What makes two subjects become a couple? Jouissance itself, the jouissance of the One, given its autoerotic status, makes the lovers solitary. The body of the Other, of his or her partenaire, becomes unreachable. The man is left alone with his organ; the woman, with her jouissance. Castration provides the possibility of an encounter in the measure that the autistic jouissance becomes lost and is found again in the partenaire in the form of the object a, surplus-jouissance, a semblant no longer universal but singular. In this way, castration obliges us to find the complement of jouissance in the Other that takes part of this jouissance and gives it the signification of castration. The truth of castration is that in order to enjoy one has to pass through the Other and cede to it a part of jouissance. Thus, the object is the partenaire at the level of jouissance.

In as much as the subject is tied to a partenaire, she or he can incarnate his or her symptom, since she or he becomes the envelope of the object a. The fundamental partenaire for both sexes is finally the one who can become his or her symptom, even when for a woman a man is a ravage.

To Conclude

We can distinguish three logical times in Lacan’s teaching concerning the relation between a man and a woman, in which semblants intervene in different ways.

1) There is relation, relation between the sexes. The signifier of the phallus, in so far as it responds to the negativity of desire and is articulated to castration, is a semblant that orders the relation between the sexes.

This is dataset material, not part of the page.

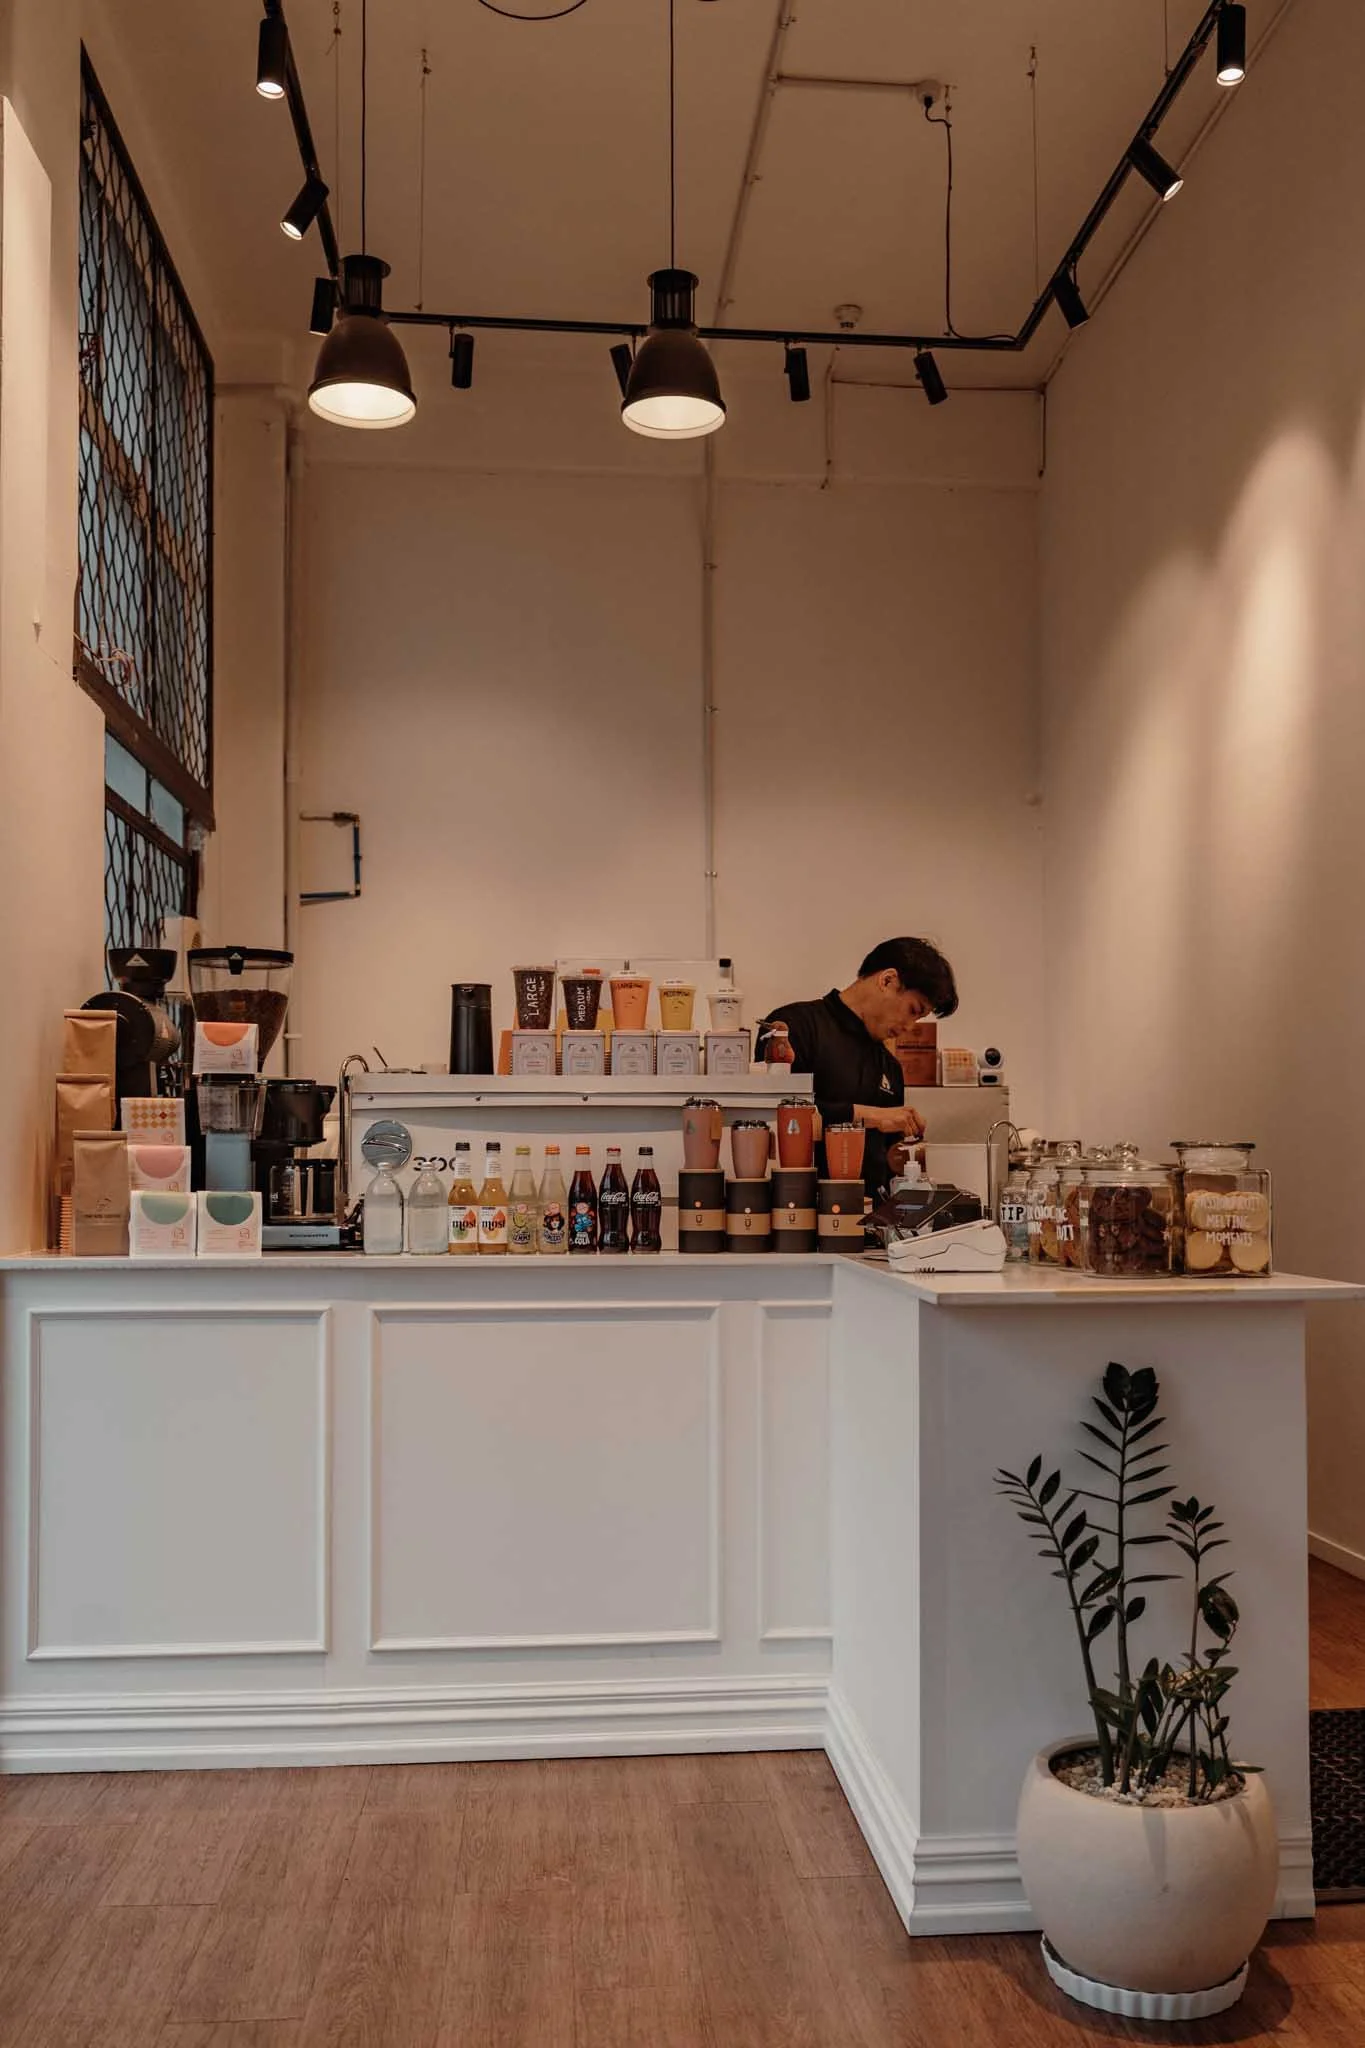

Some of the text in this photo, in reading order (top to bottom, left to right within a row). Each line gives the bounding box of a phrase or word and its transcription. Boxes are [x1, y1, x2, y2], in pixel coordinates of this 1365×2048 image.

[526, 977, 539, 1016] LARGE
[577, 987, 586, 1022] MEDIUM
[574, 1238, 590, 1246] COLA
[1205, 1231, 1253, 1247] MOMENTS

2) There is no relation, sexual relation. The phallus as semblant, signifier of jouissance, effectively correlative to the positivity of jouissance, functions as an obstacle to sexual enjoyment. There is no inscription of the sexual relation.

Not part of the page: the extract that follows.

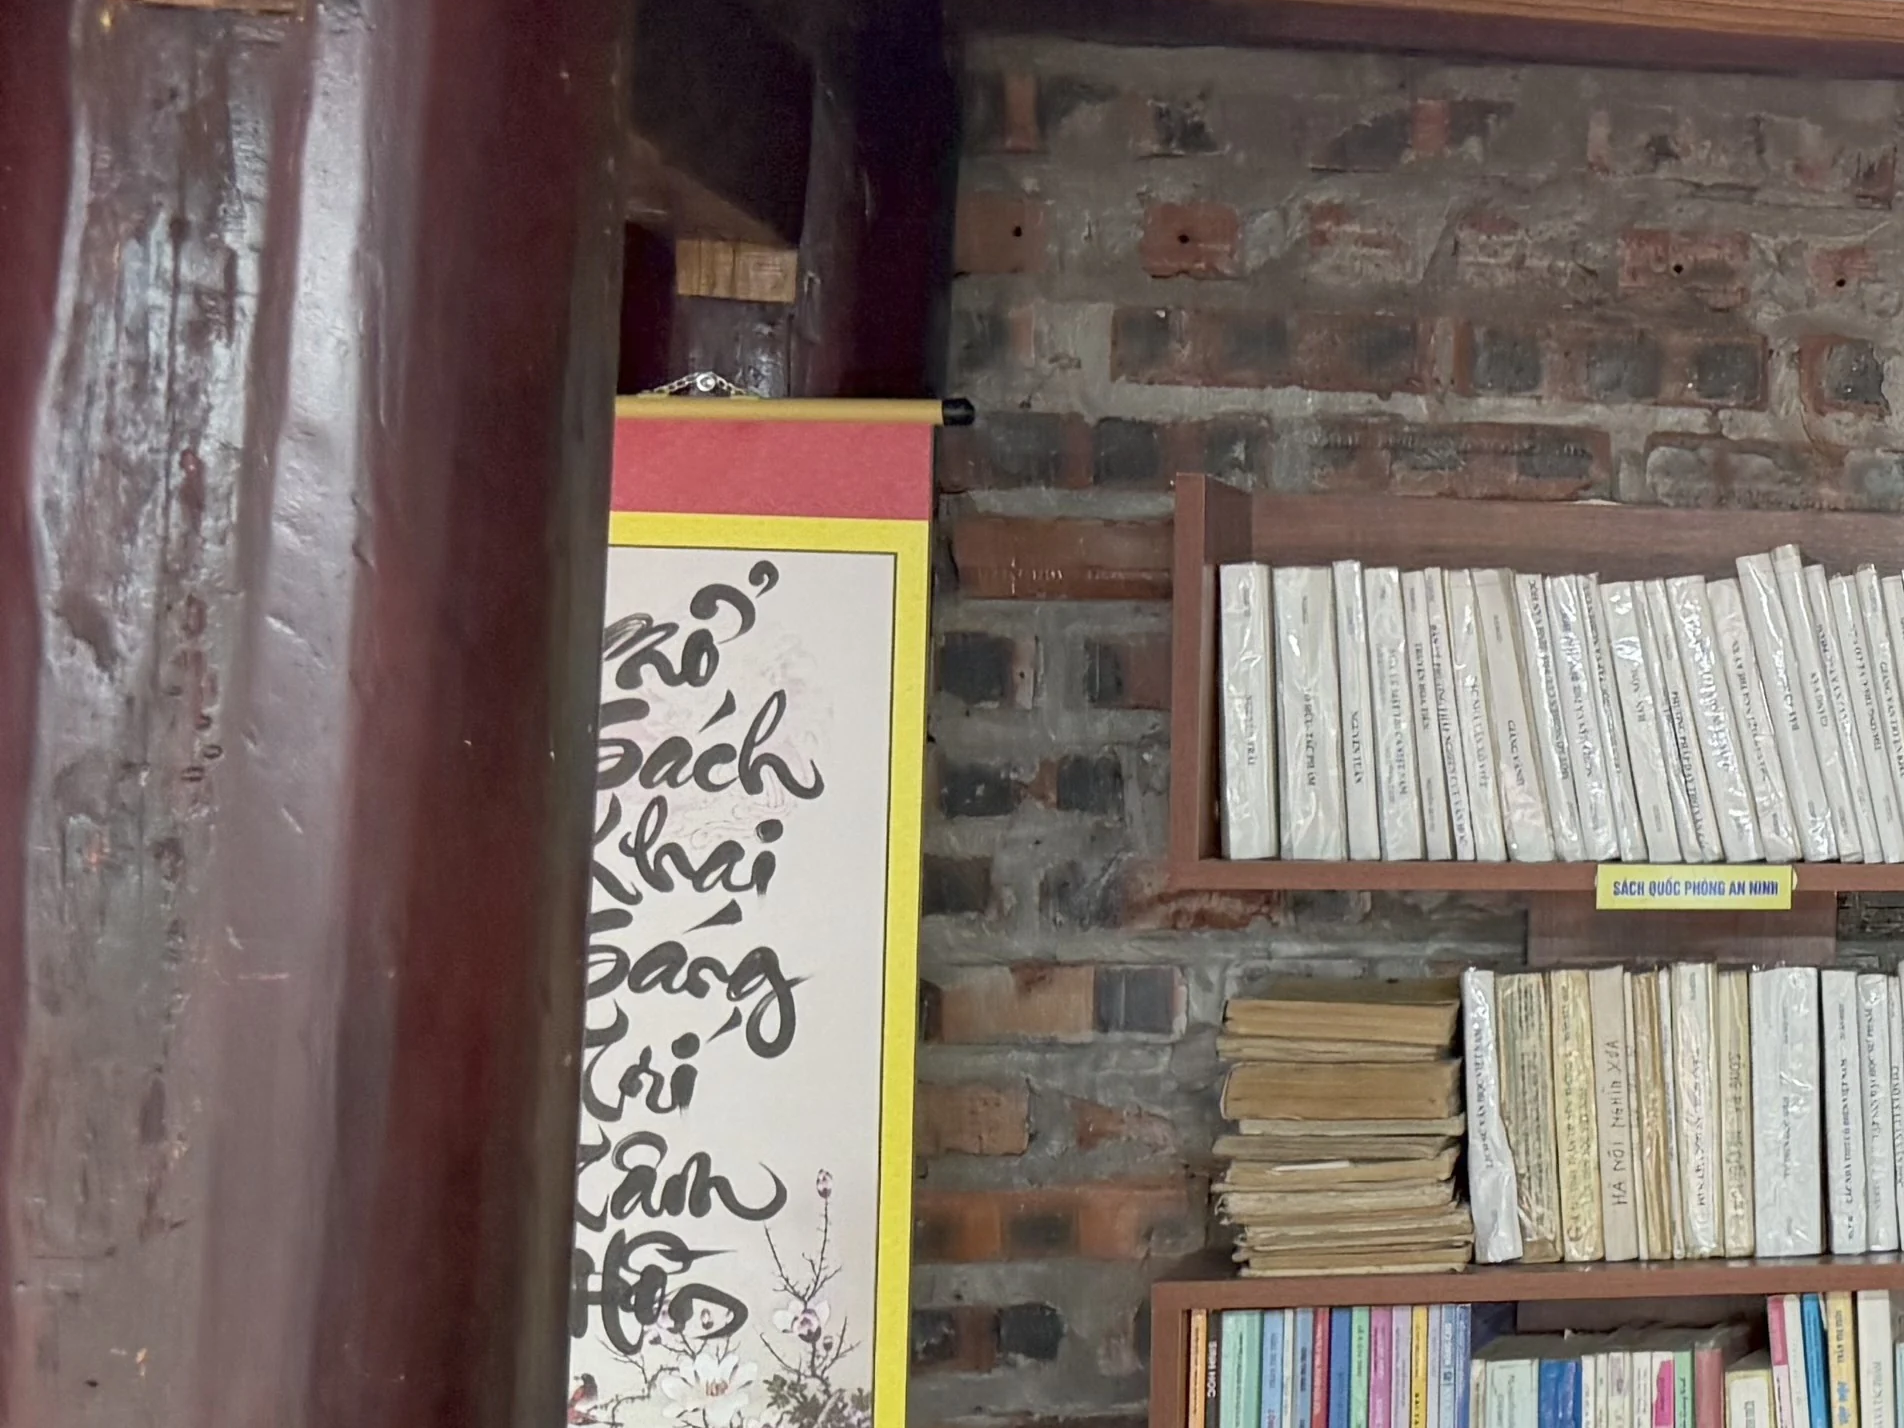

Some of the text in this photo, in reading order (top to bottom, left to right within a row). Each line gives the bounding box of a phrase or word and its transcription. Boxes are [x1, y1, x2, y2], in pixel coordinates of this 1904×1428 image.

[1613, 878, 1778, 897] SÁCH QUỐC PHÒNG AN NINH

3) “There are sexual relations but there is no rapport”, as Lacan says in Seminar XXIII. The sinthome allows a relation with the other sex, even if the inscription of the sexual relation is impossible. We thus move from semblants to sinthome.

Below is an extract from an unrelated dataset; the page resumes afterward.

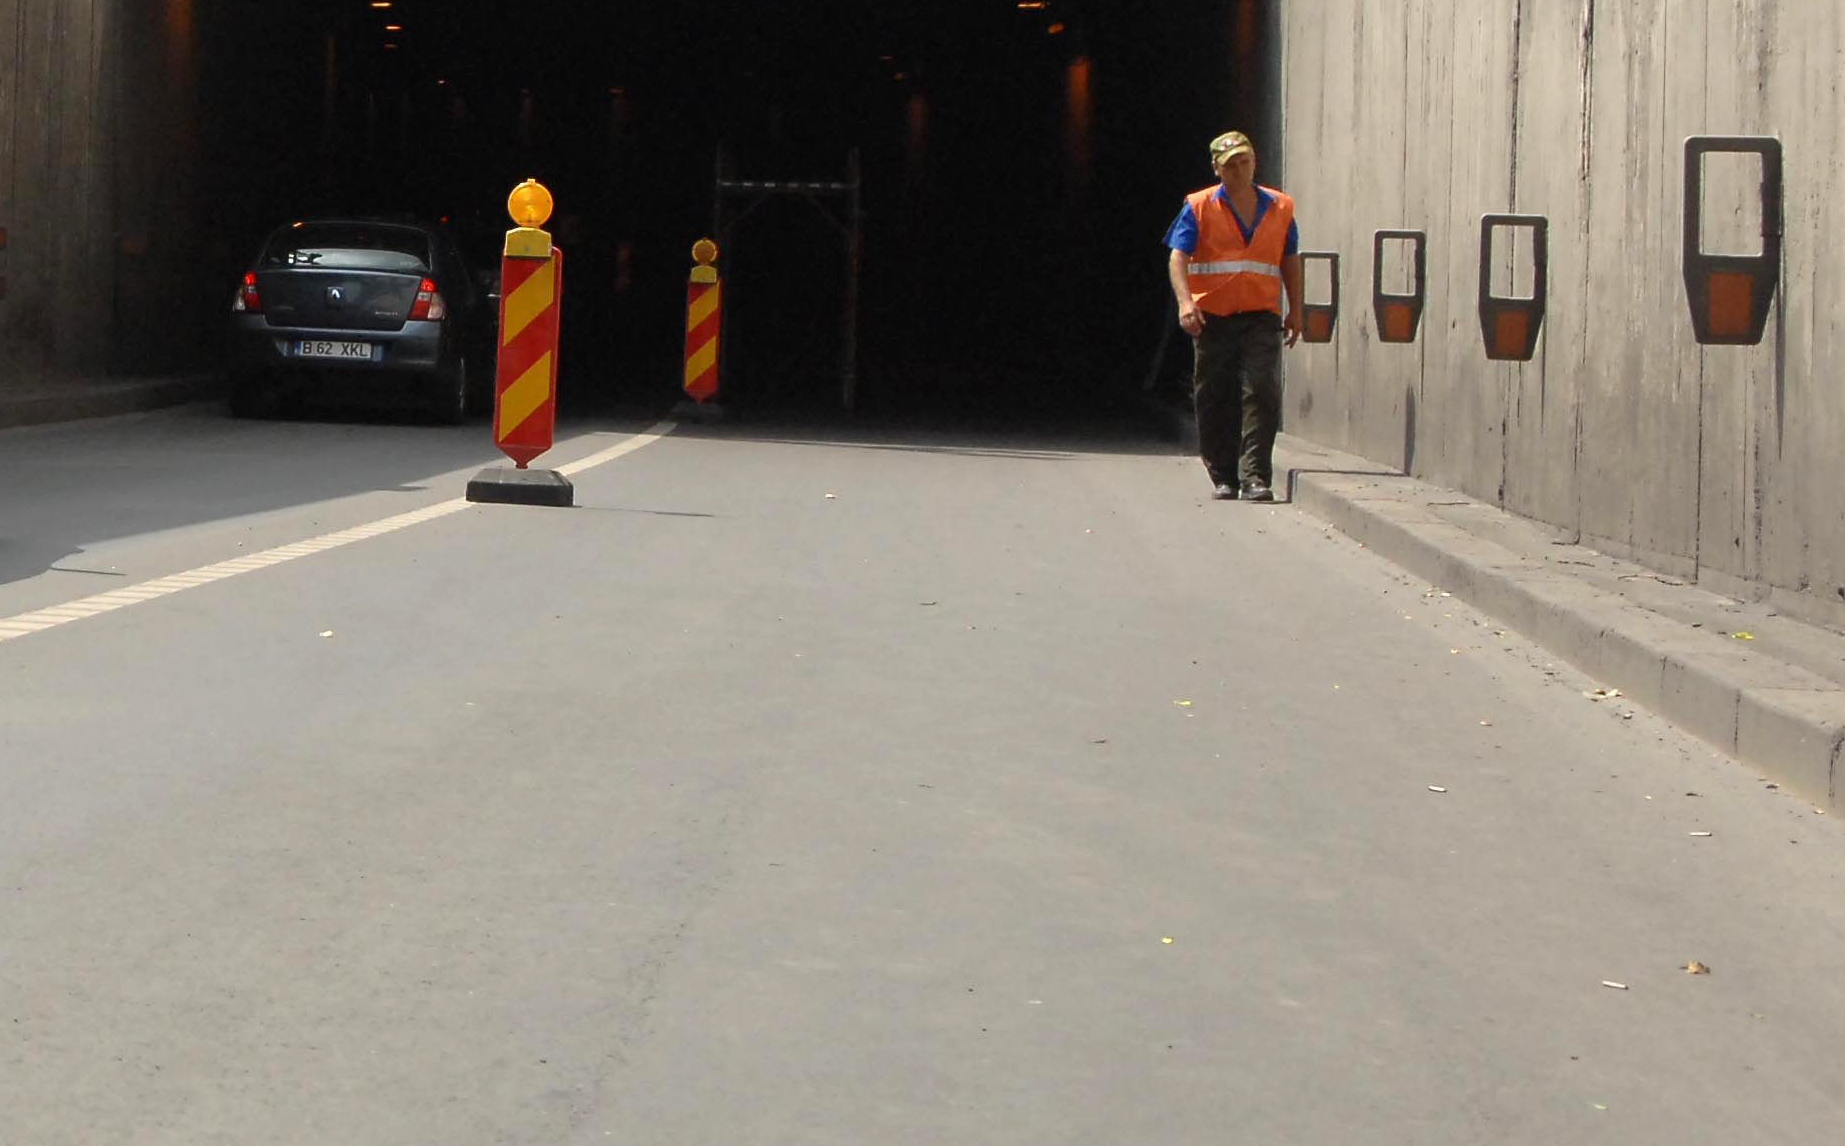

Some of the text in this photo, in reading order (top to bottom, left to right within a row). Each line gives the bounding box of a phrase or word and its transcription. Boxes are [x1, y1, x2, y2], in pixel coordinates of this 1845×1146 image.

[302, 341, 369, 358] B 62 XKL

In the circulation of the waters and in “the interplay of bank and waters” [8] appreciated by Tristan l’Hermite, rainbows unfold themselves in the light of day. Above them different species of butterflies fly over, populating the Iguazu Falls with a multitude of colours. Butterflies that make us dream or, as in the apologue of Chuang- tsu, turn us into a dream. And among dreams of butterflies, in the brief instant the rainbow lasts, in the contingency of this instant, Taroba and Naipi meet each other again, this time to show that a dream is never just a dream.

Translated from the Spanish by Florencia F.C. Shanahan


  1. ‘The Devil’s Throat’: an enormous cataract in the Iguazu Falls. [TN]
  2. Jacques Lacan, The Seminar of Jacques Lacan, Book III, “The Psychoses”, de. By Jacques- Alain Miller. Routledge, London, 1993, p 319.
  3. In Spanish ‘parecer’: also ‘look like’, ‘resemble’. [TN] [1][4] ‘Psyche surprises Love’. In Italian in the original. [TN] [1][5] In English in the original. [TN]
  4. “Todo hombre”: also “all men”. [TN]
  5. Jacques-Alain Miller, L’orientation lacanienne, « Choses de finesse en psychanalyse », 2008/09, unpublished.
  6. Jacques Lacan, Ecrits: The First Complete Edition in English, Trans. B.Fink, p 570.